Gli operatori delle Volanti identificati i presenti, acquisivano le informazioni necessarie a ricostruire la vicenda, apprendendo che il direttore dell’esercizio commerciale, osservando le telecamere di videosorveglianza, aveva notato i tre uomini, entrare da soli all’interno del negozio e poi aggirarsi con fare sospetto lungo la corsia dove sono in esposizione i telefoni cellulari. Li vedeva poi asportare alcune scatole contenenti telefoni cellulari del valore complessivo di circa 1700 euro e un videogioco del valore di circa 70 euro, che veniva occultato nella sedia a rotelle in uso al 44enne. Il direttore, quindi, allertava i responsabili del settore, gli addetti alla sicurezza, nonché il 113.
I tre uomini, avendo capito di essere stati scoperti, abbandonavano tra gli scaffali del negozio le due scatole contenenti i telefoni cellulare – di cui erano stati danneggiati i dispositivi anti-taccheggio – e si dirigevano verso l’uscita, ma venivano fermati dal direttore del negozio che cercava di trattenerli. Tuttavia, uno dei tre, il 43enne, cercava di darsi alla fuga e strattonava il direttore del negozio che cadeva a terra riportando una ferita al ginocchio destro.

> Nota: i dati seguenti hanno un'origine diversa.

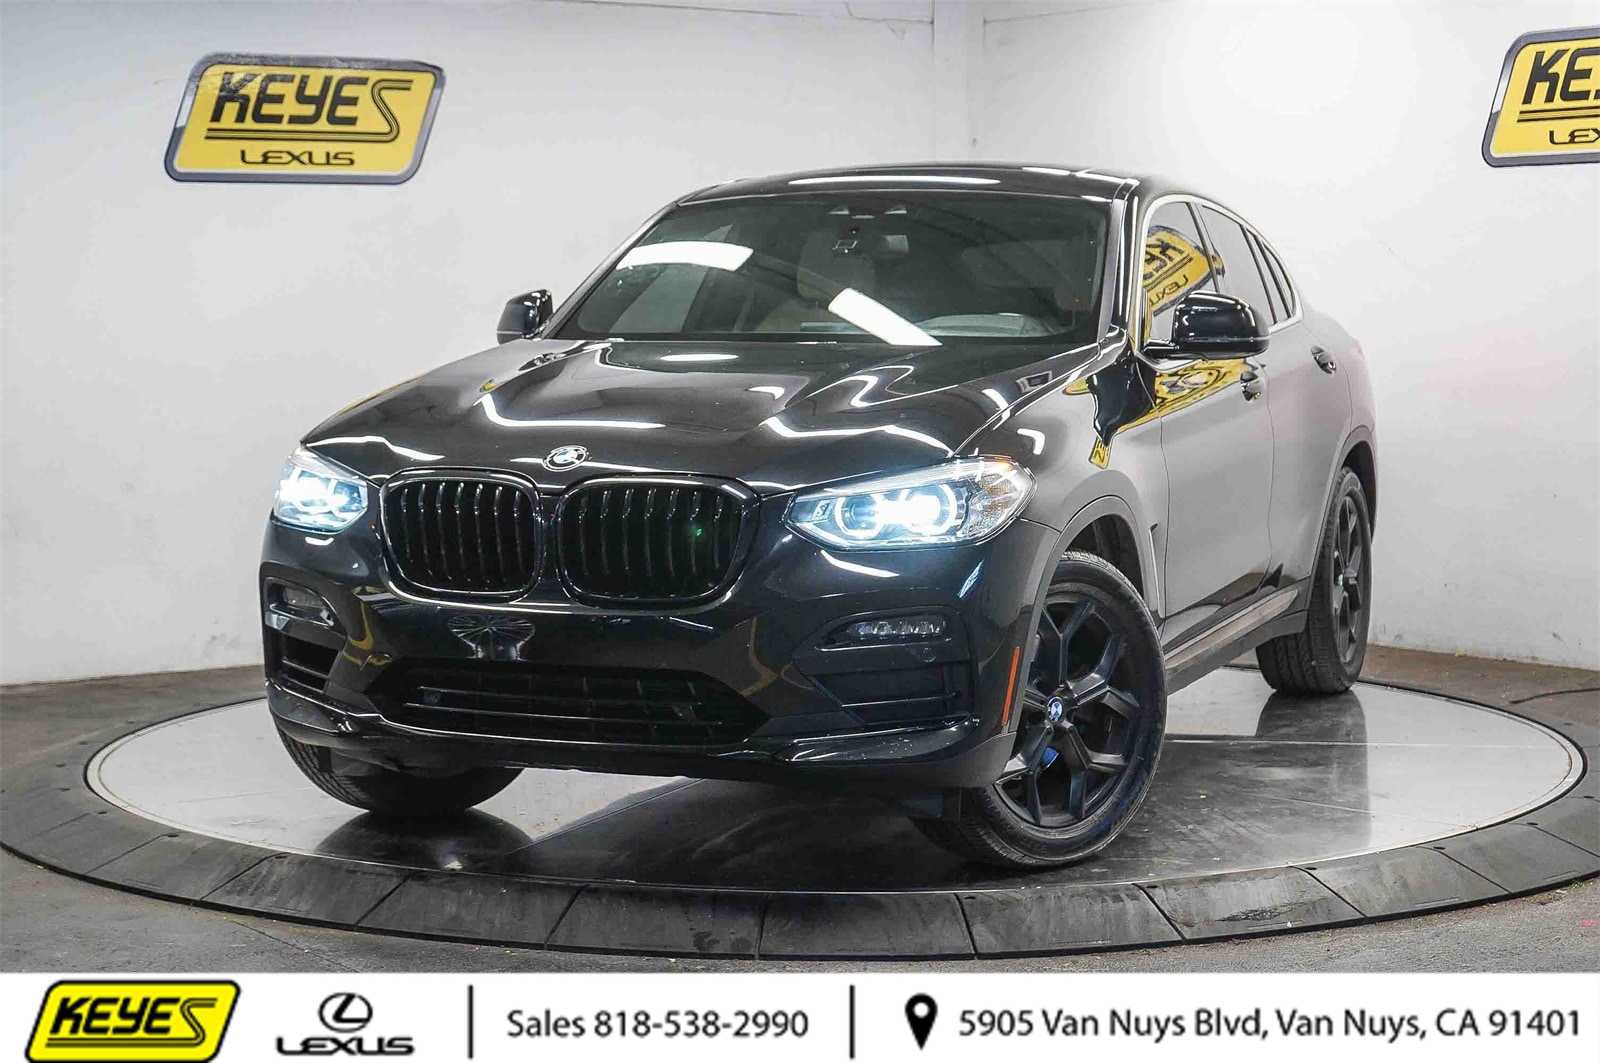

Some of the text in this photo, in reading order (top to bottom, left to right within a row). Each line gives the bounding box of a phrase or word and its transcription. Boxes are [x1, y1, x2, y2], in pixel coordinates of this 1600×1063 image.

[1520, 46, 1600, 105] KE
[206, 71, 414, 142] KEYES
[240, 149, 354, 166] LEXUS

Al termine dei necessari accertamenti, i tre uomini presunti rei, tutti di origini georgiane e residenti a Reggio Emilia, con precedenti per reati contro il patrimonio, venivano tratti in arresto per l’ipotesi di reato di tentata rapina aggravata in concorso e messi a disposizione dell’Autorità Giudiziaria in attesa di giudizio.